表紙をめくると、多くの株主通信では社長の写真を見ることができます。ほとんどの場合、表紙をめくったページは「株主の皆様へ」というようなタイトルで社長のあいさつが載せられているようです。中には、株主総会招集通知のなかで事業の報告というかたちで載せられた文書がそのまま流用されていて、最後に株主の皆様という文言を取ってつけておしまい、というケースもよくあります。このようなケースでは、独立して事業の報告の説明は省略されることも、よくあるケースです。また、企業によってはインタビュー形式にして読みやすくしたり、社長に対して親近感を抱けるように工夫しているケースもあります。しかし、アメリカの上場企業の年次報告書を読んでみると、“経営者の手紙”というようなコーナーがあってCEO自らが、株主さんに対して、自分の経営をアピールするように業績や将来の計画を熱く語っているのが常です。
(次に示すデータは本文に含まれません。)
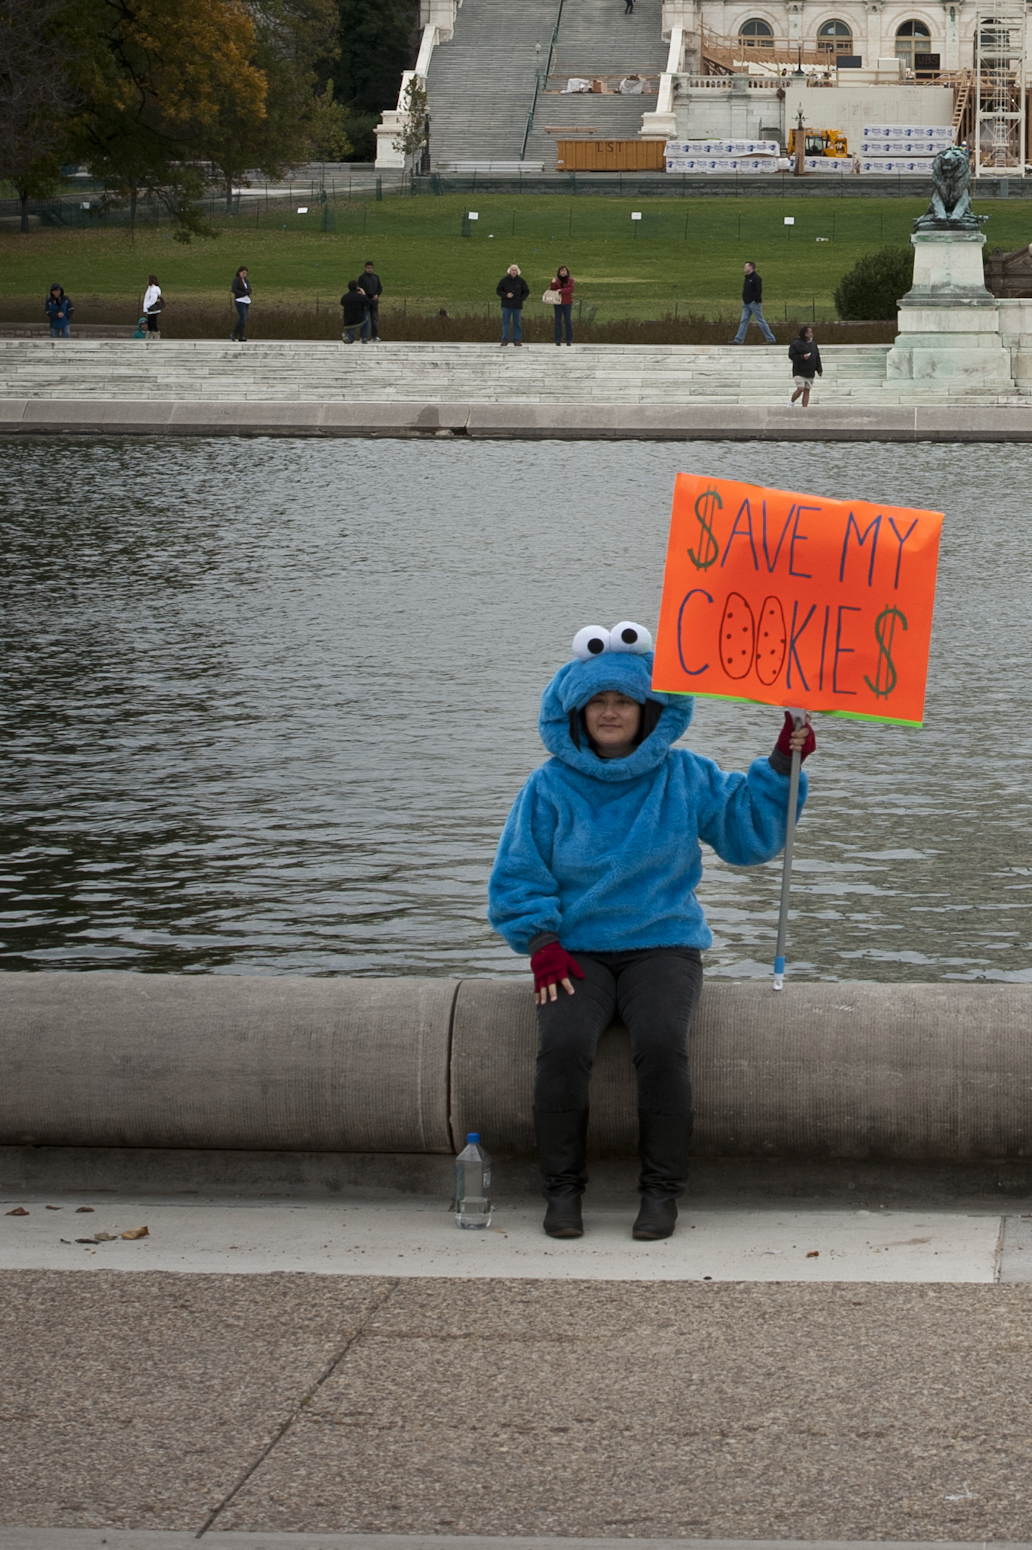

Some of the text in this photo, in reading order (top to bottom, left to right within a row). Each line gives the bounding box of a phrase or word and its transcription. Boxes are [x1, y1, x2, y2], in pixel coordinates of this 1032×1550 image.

[687, 485, 918, 590] $AVE MY
[677, 588, 908, 700] COOKIE$
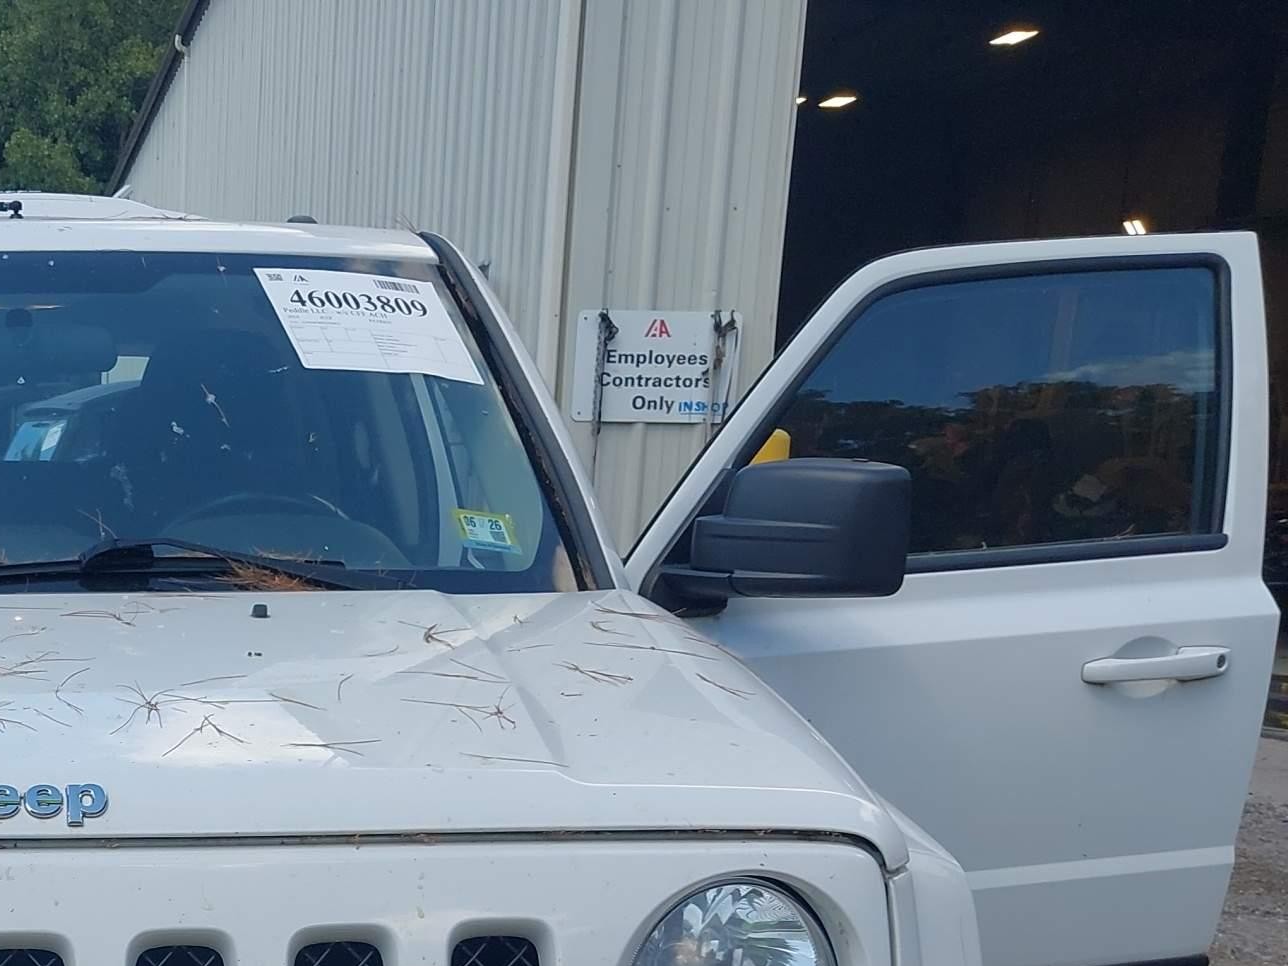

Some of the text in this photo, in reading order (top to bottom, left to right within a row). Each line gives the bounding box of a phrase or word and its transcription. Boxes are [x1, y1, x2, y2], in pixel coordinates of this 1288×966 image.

[290, 289, 428, 317] 46003809
[606, 350, 708, 368] Employees
[600, 372, 710, 388] Contractors
[632, 396, 674, 414] Only
[488, 519, 502, 531] 26
例えば、JPモルガン・チェースのCEOジェイミー・ダイモンは40ページも費やして自らの思いを書いていますし、世界的な投資家ウォーレン・バフェットは経営するバークシャー・ハサウェイで毎年書いている“株主への手紙”は新聞でも話題になります。日本企業では社長自ら筆を執ることはしませんが、私は企業としてとしてこのようなことをやってもいいのではないか、と考えました。そのため、できるだけメッセージ性を持たせるように努めています。実際に、このページのあいさつ文については、業績レポートが後にあるので、とくに客観的になる必要はないというのが私の考えです。ここで、株主さんや投資家が一番求めているのは、今期の業績や来期の展望に対して、社長(会社)がどう認識しているのか、ということだと思うからです。具体的に言うと、例えば、当社は今期業績で営業黒字に回復しました。そのことについて、社長はそれで満足しているのか、それだけでは飽き足りず次期以降黒字幅を広げていこうとする意欲が強いのか、というようなことです。これには、経営者としての社長の気持ちの問題が入って来るので、客観的な言い方では十分伝わりません。そして、そのような経営者(会社)の考えていることをメッセージとして直接表現できる場としては、この社長あいさつが一番適している、というよりも、ここしかないと思います。また、冊子の冒頭という一番目につくところに一番大切なことを堂々と掲げるのが、一番読む人に伝わり易いと考えたからです。個人的な意見ですが、企業の経営において事業を伸ばして行こうとすれば、リスクを取るということは避けられないことです。同じように、株主の支持を勝ち取り、市場での株価を上げて行こうと真剣に思うなら、リスクを覚悟で情報発信することは必要だと思います。市場は、そこに企業の本気度を見るはずです。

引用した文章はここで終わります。